Quem
seriam Cosme e Damião, os médicos gêmeos da Antiguidade que se tornaram santos
Eles
integram a longa lista de santos católicos que ganharam o culto popular após o
martírio, naqueles primeiros séculos em que o governo romano perseguia e
executava cristãos.
E,
justamente porque não há documentação histórica, o que se sabe sobre eles é
baseado na tradição, apenas.
Contudo,
esta tradição é, sim, documentada.

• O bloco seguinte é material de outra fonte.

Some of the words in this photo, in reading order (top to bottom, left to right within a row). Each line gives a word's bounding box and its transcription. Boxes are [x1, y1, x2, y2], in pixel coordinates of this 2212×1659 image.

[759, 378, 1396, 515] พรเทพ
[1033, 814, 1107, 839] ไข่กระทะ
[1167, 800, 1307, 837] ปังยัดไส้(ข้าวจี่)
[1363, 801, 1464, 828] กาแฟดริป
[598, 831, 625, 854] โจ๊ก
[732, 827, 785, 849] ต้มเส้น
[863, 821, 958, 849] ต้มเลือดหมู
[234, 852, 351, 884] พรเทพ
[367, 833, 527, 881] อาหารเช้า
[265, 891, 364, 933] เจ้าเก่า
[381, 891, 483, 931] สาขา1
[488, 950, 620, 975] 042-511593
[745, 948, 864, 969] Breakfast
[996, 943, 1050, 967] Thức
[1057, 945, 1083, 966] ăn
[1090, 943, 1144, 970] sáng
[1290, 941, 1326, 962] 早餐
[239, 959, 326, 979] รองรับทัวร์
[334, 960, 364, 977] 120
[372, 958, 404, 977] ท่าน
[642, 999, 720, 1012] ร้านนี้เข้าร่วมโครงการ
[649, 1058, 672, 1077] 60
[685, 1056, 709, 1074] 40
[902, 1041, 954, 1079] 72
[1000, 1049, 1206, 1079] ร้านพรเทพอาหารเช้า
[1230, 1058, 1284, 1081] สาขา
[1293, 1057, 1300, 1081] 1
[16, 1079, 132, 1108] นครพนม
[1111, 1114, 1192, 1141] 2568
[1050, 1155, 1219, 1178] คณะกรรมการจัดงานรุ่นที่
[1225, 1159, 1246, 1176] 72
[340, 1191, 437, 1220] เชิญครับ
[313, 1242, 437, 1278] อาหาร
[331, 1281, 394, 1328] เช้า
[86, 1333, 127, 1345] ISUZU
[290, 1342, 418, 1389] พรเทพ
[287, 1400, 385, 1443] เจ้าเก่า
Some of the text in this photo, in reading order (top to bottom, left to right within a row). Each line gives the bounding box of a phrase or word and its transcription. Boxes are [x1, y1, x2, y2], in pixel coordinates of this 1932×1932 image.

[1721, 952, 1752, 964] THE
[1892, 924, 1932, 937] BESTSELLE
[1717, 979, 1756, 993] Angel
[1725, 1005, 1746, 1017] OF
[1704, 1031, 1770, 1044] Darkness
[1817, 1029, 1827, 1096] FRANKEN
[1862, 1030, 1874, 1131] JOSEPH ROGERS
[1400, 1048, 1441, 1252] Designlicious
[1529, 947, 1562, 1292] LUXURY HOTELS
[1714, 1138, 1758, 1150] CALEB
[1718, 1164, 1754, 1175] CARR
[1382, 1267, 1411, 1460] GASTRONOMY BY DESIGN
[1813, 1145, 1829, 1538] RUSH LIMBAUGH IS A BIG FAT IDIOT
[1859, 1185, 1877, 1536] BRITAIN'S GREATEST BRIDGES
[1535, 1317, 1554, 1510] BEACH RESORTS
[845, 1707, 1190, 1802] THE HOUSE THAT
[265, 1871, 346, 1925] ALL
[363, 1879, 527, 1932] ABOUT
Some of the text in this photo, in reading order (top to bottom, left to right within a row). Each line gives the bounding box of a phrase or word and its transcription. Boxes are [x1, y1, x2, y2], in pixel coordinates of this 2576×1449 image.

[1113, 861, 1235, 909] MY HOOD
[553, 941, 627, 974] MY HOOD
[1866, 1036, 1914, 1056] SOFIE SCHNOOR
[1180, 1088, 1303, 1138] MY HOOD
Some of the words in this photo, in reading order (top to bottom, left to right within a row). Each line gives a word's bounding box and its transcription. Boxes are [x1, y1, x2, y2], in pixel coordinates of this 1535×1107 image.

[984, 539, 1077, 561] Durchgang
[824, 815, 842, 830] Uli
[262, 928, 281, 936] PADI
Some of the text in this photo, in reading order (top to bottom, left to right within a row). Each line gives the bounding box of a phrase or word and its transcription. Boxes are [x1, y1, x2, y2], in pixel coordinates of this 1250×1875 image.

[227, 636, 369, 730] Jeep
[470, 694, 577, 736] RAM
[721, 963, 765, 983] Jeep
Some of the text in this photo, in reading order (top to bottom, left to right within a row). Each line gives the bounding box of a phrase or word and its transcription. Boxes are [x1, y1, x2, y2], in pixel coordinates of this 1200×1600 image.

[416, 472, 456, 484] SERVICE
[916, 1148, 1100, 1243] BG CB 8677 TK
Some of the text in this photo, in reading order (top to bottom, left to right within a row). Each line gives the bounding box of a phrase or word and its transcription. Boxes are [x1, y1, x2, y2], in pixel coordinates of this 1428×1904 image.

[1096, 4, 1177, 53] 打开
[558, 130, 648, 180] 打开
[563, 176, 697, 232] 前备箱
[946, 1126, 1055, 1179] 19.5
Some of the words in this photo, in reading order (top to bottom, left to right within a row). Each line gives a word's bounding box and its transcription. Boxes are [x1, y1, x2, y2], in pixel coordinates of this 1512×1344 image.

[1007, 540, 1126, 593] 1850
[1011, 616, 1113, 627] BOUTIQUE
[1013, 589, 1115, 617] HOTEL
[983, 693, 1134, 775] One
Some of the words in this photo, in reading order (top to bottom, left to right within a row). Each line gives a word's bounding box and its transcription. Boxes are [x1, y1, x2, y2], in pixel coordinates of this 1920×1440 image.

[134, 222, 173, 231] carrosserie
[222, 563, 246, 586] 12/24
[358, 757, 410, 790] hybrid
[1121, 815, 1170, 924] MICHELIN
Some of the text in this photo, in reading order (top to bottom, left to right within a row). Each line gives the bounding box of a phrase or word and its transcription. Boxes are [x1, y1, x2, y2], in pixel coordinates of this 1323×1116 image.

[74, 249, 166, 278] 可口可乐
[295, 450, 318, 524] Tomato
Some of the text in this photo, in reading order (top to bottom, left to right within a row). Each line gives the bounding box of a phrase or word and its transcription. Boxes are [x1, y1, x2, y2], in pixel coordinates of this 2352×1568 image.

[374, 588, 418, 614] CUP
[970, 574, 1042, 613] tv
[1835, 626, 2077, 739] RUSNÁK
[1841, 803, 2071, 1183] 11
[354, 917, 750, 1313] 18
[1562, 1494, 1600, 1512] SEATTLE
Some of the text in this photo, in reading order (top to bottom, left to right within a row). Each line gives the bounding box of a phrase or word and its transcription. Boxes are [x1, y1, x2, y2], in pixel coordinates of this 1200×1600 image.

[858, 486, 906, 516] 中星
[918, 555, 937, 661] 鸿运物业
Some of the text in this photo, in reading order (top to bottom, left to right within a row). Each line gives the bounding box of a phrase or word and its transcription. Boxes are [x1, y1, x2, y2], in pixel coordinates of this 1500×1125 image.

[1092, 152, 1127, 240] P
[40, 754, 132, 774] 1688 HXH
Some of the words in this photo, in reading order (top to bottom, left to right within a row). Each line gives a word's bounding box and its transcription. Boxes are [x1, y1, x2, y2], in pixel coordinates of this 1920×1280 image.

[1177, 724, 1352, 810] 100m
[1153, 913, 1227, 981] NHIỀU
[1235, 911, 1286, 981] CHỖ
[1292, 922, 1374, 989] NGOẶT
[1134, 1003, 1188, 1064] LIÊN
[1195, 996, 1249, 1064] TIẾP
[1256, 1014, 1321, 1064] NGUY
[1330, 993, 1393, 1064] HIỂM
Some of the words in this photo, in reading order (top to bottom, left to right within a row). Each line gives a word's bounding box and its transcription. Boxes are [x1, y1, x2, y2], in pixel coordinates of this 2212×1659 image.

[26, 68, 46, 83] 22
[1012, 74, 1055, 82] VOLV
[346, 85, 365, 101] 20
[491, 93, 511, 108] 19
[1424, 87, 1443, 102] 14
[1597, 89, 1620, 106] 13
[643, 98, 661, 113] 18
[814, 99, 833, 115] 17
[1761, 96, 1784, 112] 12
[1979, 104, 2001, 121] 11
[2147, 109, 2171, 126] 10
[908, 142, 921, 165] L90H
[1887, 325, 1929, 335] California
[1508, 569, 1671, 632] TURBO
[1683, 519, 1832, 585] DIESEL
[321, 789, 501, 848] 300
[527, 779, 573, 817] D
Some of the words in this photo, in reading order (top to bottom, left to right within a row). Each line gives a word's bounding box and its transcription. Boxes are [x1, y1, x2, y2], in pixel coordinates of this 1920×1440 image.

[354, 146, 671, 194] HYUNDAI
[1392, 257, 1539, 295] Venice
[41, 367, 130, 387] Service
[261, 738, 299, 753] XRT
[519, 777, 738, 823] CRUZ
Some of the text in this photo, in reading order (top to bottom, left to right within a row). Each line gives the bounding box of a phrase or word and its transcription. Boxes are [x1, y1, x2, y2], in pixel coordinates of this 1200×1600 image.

E começou há muito tempo, no coração de
Roma.
“A
única coisa que sabemos historicamente sobre os dois é que o culto a eles,
santos e mártires, começou entre o século 4º e o 5º. Há muita evidência sobre o
culto”, explica à BBC News Brasil o vaticanista Filipe Domingues, vice-diretor
do Lay Centre, em Roma, e professor na Pontifícia Universidade Gregoriana,
também em Roma.
O
escritor e teólogo J. Alves, autor do livro Os Santos de Cada Dia, ressalta à
reportagem que a dupla faz “parte da vasta lista de mártires cristãos da Igreja
primitiva” e que “viveram provavelmente entre o primeiro e o terceiro séculos
da era cristã”.
Ele
acrescenta que a memória deles só chegou ao tempo presente porque sempre houve
o costume, dentro da Igreja, de “assinalar os nomes dos mártires” e “celebrar
seus testemunhos de fé em Jesus” nas celebrações litúrgicas e no ofício divino.
“No
decorrer dos séculos e de acordo com a visão de cada época, a religiosidade
popular recolheu, na mesma narrativa, ficção e fatos considerados genuinamente
históricos, sobre suas vidas.”
“O
‘Martirológio Romano’ [catálogo de santos e mártires organizado pela Igreja
Católica] é a melhor fonte para a prova da existência deles”, defende à BBC
News Brasil o pesquisador José Luís Lira, fundador da Academia Brasileira de
Hagiologia e professor na Universidade Estadual Vale do Aracaú, no Ceará.
No
livro, eles são apresentado como “mártires que, segundo a tradição, exerceram a
medicina […] sem pedir nunca remuneração e curando a muitos com os seus
cuidados gratuitos”.
Eles
também estão registrados na obra Legenda Aurea, conjunto de narrativas sobre a
vida de santos reunidas, por volta do ano de 1260, pelo então arcebispo de
Gênova, Jacopo de Varazze (1229-1298).
O livro
apresenta Cosme como um modelo para os outros, “ornado de virtudes”, “puro de
todo vício”. E Damião como alguém que “teve comportamento manso e doutrina
elevada”, além de ter sido “a mão do Senhor que cura como remédio”.
A mais
antiga basílica dedicada aos santos, na região do Foro Romano, foi erguida no
século 4º — há quem acredite que sua construção tenha começado no ano de 309,
mas o outros a situam na primeira metade do século 6º. “É com base nisso que a
gente pode voltar para trás para chegar à história deles, aí com base na
tradição”, argumenta Domingues.
A maior
parte dos relatos sobre eles diz que eram irmãos, e geralmente afirma-se que
eram gêmeos. Acredita-se que eles tenham nascido onde hoje é a atual Turquia —
ou, segundo algumas fontes, na região da Síria — e tenham atuado como médicos
da época, perambulando e curando doentes. Com uma particularidade importante:
não aceitavam pagamento por seus préstimos.
“É
consenso, nas várias narrativas, que Cosme e Damião eram irmãos gêmeos e
praticavam a arte da cura, ou seja, a medicina”, pontua Alves.
“Pela
tradição, eram médicos cristãos marcados pela habilidade da profissão da
medicina. E não recebiam nada em troca pelo trabalho”, corrobora à BBC News
Brasil o pesquisador Thiago Maerki, associado da Hagiography Society, nos
Estados Unidos.
Maerki
explica que isso faz com que Cosme e Damião sejam integrados ao rol dos
chamados “santos anárgiros”. “Anárgiro significa inimigo do dinheiro”,
contextualiza.
“Há uma
tradição de santos que negavam o dinheiro, não aceitavam e combatiam a
riqueza.”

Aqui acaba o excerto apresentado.